John Maxell sat outside the Continental Cafe, in the condition of bodily
content which a good dinner induces. Mental content should have
accompanied such a condition, but even the memory of a perfect dinner
could not wholly obliterate a certain uneasiness of mind. He had been
uneasy when he came to Tangier, and his journey through France and Spain
had been accompanied by certain apprehensions and doubts which
Cartwright had by no means dispelled.

Rather, by his jovial evasions, his cheery optimism, and at times his
irritable outbreaks of temper, he had given the eminent King's Counsel
further cause for disquiet.

Cartwright sat at the other side of the table, and was unusually quiet.
This was a circumstance which was by no means displeasing to Maxell, for
the night was not conducive to talk.

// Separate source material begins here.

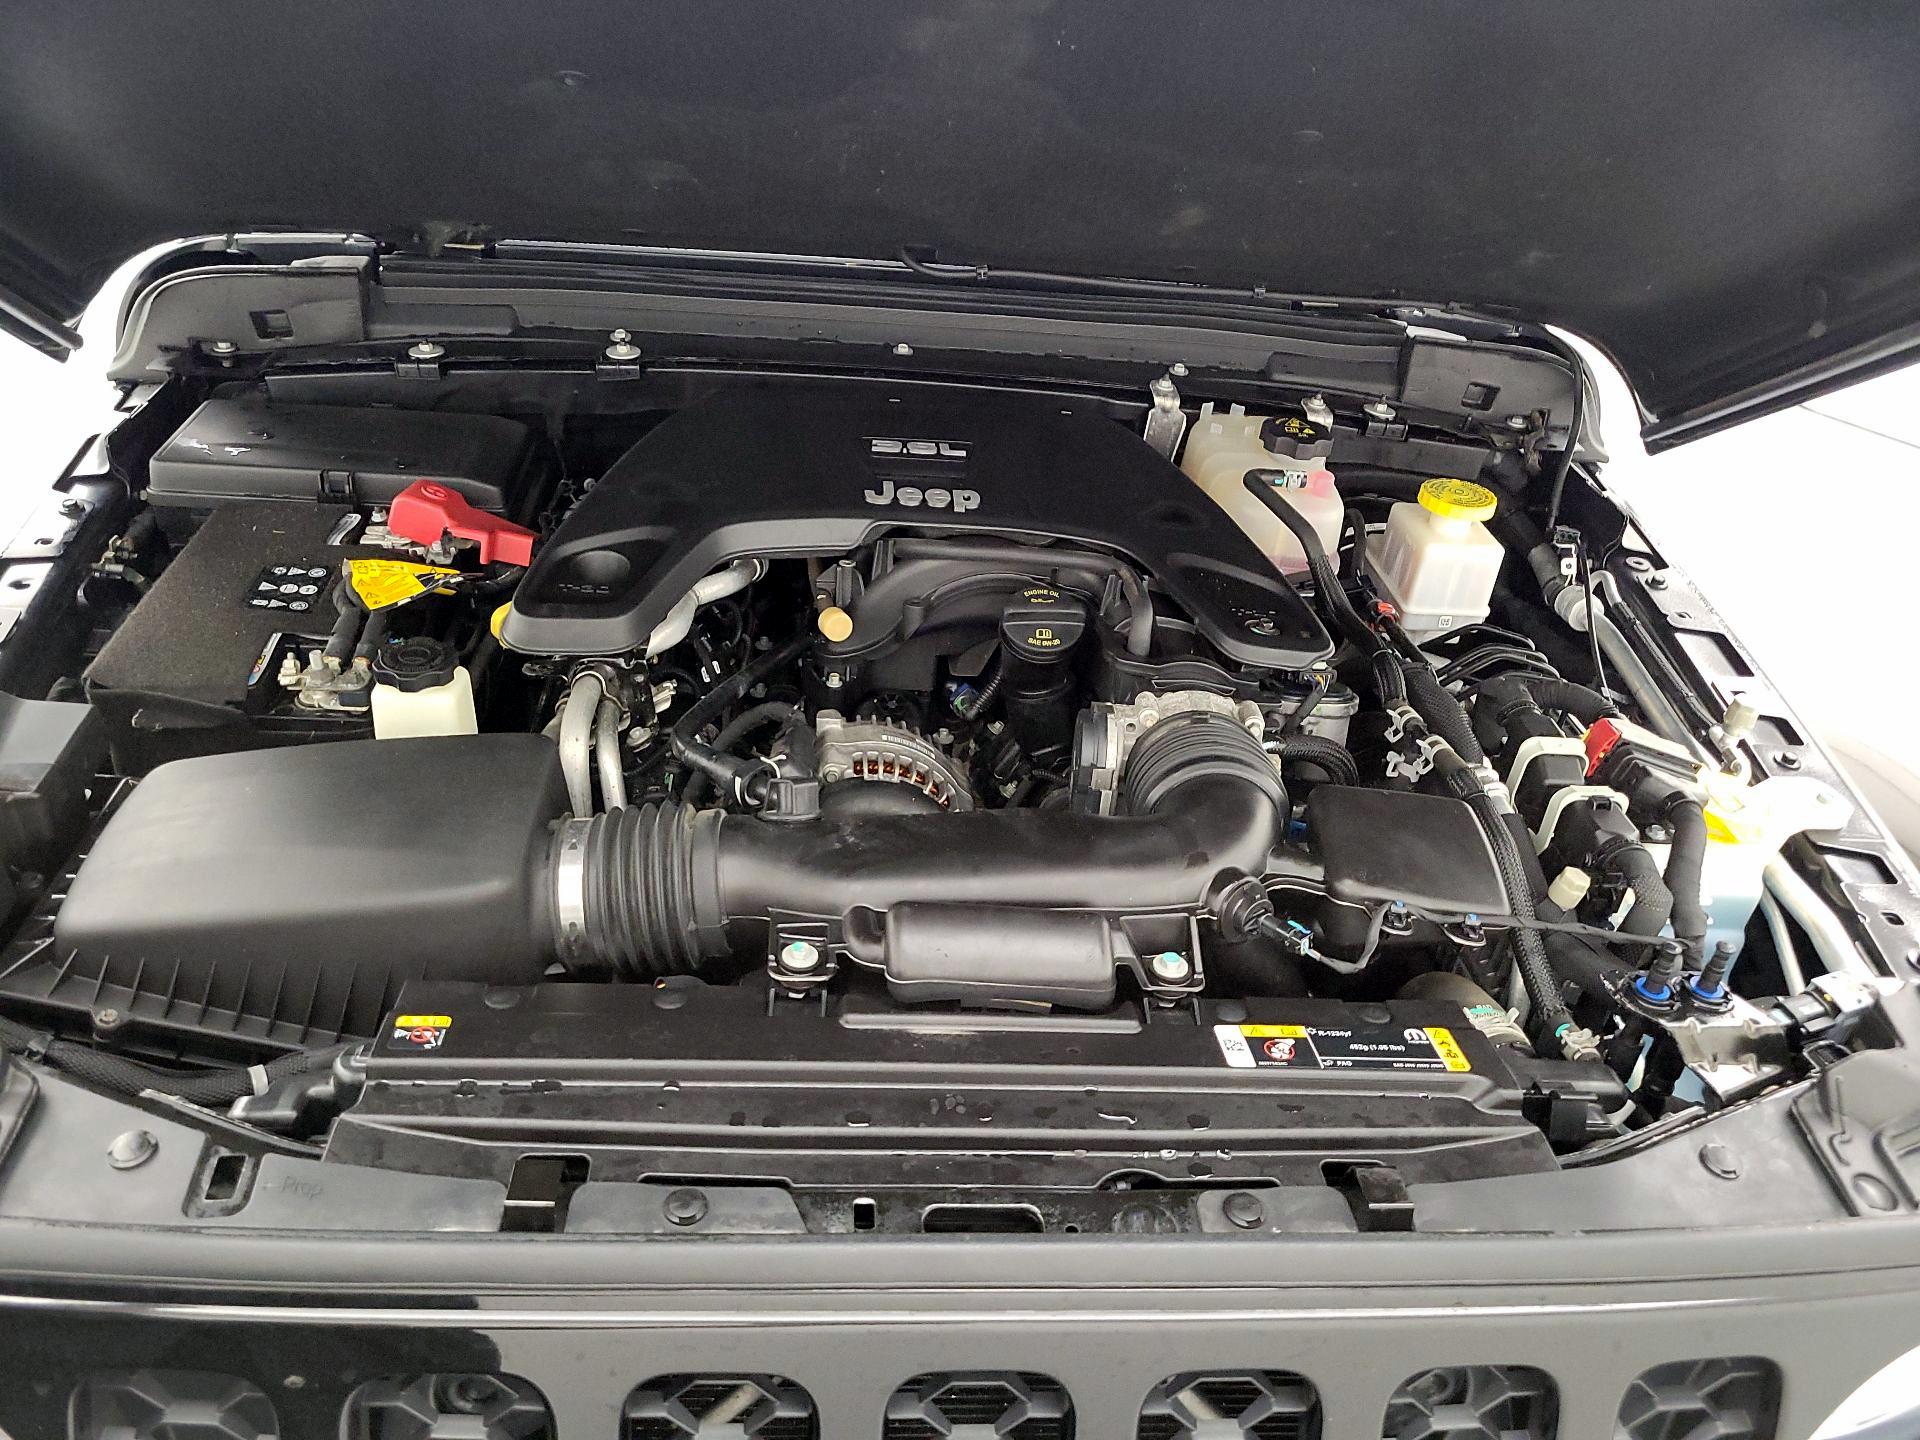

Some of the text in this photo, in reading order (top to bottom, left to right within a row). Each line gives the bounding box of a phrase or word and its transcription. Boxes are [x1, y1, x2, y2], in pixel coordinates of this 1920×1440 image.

[864, 480, 981, 513] Jeep
[1023, 589, 1060, 598] ENGINE OIL

There are in North Africa many
nights like this, when one wishes to sit in dead silence and let thought
take its own course, unchecked and untrammelled. In Morocco such nights
are common and, anyway, Maxell had always found it difficult to discuss
business matters after dinner.

Cartwright had no temperament and his quiet was due to other causes. It
was he who broke the silence, knocking out his pipe on the iron-topped
table with a bang which jarred his more sensitive companion to the very
spine.

"I'd stake my life and my soul on there being a reef," he said with a
suddenness which was almost as jarring. "Why, you've seen the outcrop
for yourself, and isn't it exactly the same formation as you see on the
Rand?"

Maxell nodded.

Though a common-law man, he had been associated in mining cases and had
made a very careful study of the whole problem of gold extraction.

"It looks right enough to me," he said, "but as against that we have the
fact that some clever engineers have spent a great deal of time and
money trying to locate the reef. That there is gold in Morocco everybody
knows, and I should say, Cartwright, that you are right. But where is
the reef? It would cost a fortune to bore, even though we had the other
borings to guide us."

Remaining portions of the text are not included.